Even tech- and internet-focused enterprises haven't been immune to the volatility. Take Shopify (SHOP -3.15%). Its shares have been on a roller-coaster. The good news, though, is that this e-commerce stock has more than tripled since April 2019, crushing the broader Nasdaq Composite.

So should you buy Shopify right now?

Reasons to be bullish

It's easy to be optimistic about this business. Thanks to the long list of products and services Shopify offers, like the ability for merchants to quickly set up an online presence and handle marketing, inventory, and payments, the company likely benefits from switching costs. This means it has lock-in from its customer base, who are discouraged from changing service providers.

You could argue that this makes up Shopify's economic moat. This should continue helping it fend off rivals in the space, boosting the chances the business is still relevant and doing well far into the future.

Operating in the expanding e-commerce sector has certainly resulted in tremendous growth. Shopify reported gross merchandise volume (GMV) and revenue of $235.9 billion and $7.1 billion in 2023. These two key figures were astronomically higher than they were just five years ago. Gains like this wouldn't be possible if Shopify wasn't solving a critical problem for its customer base.

Wall Street remains optimistic. A consensus of analyst estimates calls for revenue to rise at an annualized clip of 21% in the next three years. From management's perspective, the growth playbook hasn't changed. It's all about introducing new products and services, attracting more merchants, and continuing to better monetize the platform. It also helps that online shopping and digital payments are two powerful secular trends working in Shopify's favor.

Reasons to be bearish

Shopify has been focused on cutting costs, laying off a sizable chunk of its workforce, and selling its logistics unit to free up capital that can be invested in the core operations. This helped the business produce positive operating income in the back half of 2023, which might be a one-time development.

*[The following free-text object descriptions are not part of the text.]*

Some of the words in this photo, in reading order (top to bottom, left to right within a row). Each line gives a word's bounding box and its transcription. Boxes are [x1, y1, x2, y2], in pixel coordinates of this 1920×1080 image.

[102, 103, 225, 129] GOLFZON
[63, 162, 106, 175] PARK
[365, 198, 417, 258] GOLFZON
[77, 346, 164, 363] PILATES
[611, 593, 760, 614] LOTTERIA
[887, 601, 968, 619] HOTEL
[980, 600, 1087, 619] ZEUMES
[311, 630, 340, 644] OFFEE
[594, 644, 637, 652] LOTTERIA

Historically, Shopify hasn't generated consistent profitability. Investors might let this slide, given the company's growth potential, but I think it's important to prioritize owning businesses that are in a sound financial position, especially when interest rates are higher. Having access to cheap debt to fuel growth is no longer the case.

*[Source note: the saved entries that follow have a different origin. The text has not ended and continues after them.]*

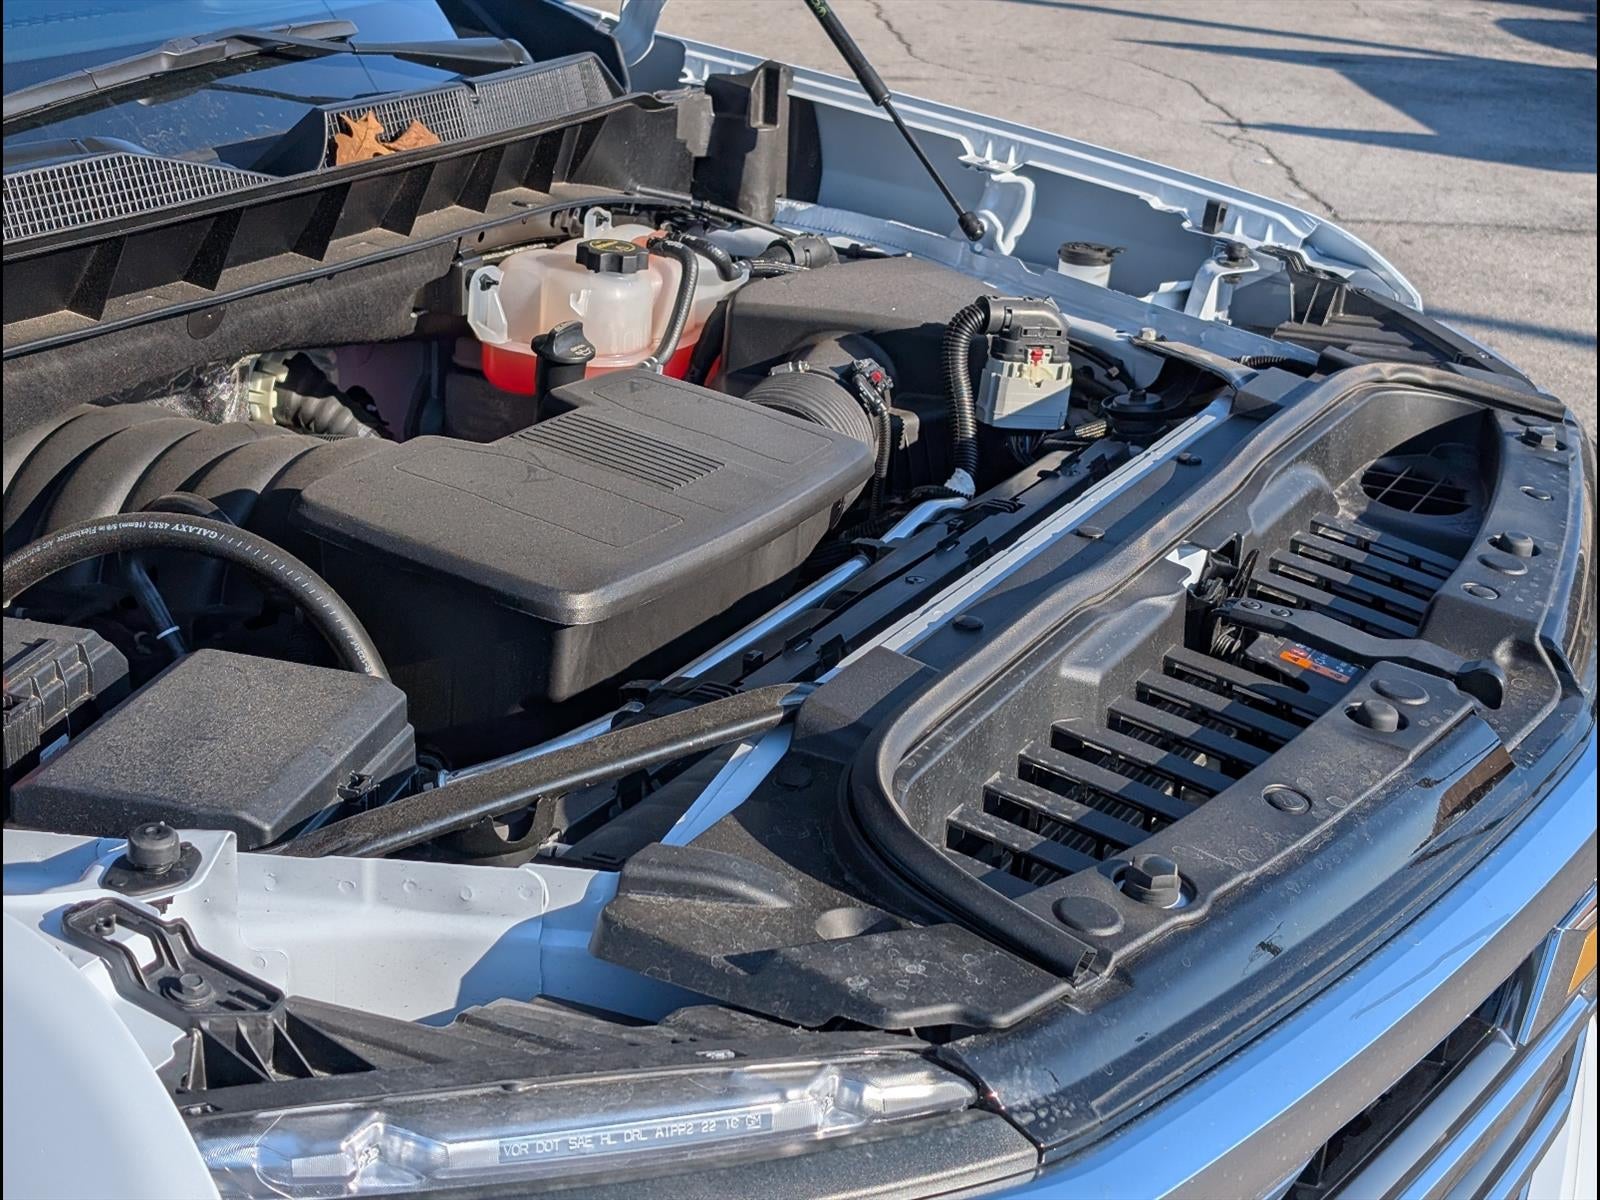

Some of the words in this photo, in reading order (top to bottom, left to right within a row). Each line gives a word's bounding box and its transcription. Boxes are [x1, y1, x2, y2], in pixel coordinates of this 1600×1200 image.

[119, 521, 146, 530] (16mm)
[148, 521, 170, 530] 4882
[171, 523, 218, 539] GALAXY
[502, 1142, 529, 1157] VOR
[536, 1138, 561, 1153] DOT
[568, 1134, 594, 1149] SAE
[600, 1132, 617, 1145] HL
[624, 1129, 648, 1142] DRL
[701, 1119, 716, 1133] 22
[746, 1112, 762, 1129] GM

Shopify might also be overly exposed to macroeconomic forces. Yes, it's a tech enterprise. However, its customer base consists of small businesses that could be hit hard during recessionary times when consumer spending is weaker. In fact, many might actually fail. And this would have a major negative impact on Shopify's financials, as its GMV gains could slow.

Despite trading 59% below their peak price, shares are also extremely expensive right now, in my opinion. Investors can buy the stock at a price-to-sales ratio of 12.8. That's a huge discount when compared to Shopify's historical average of 22.5, but still quite high.

I believe Shopify shares price in a ton of optimism about its future, and there is downside risk should the business miss quarterly earnings estimates at some point. Investors need to realize that there is a minimal margin of safety at current levels. While I appreciate this business and what it's doing for its customers, I can't recommend buying the stock today.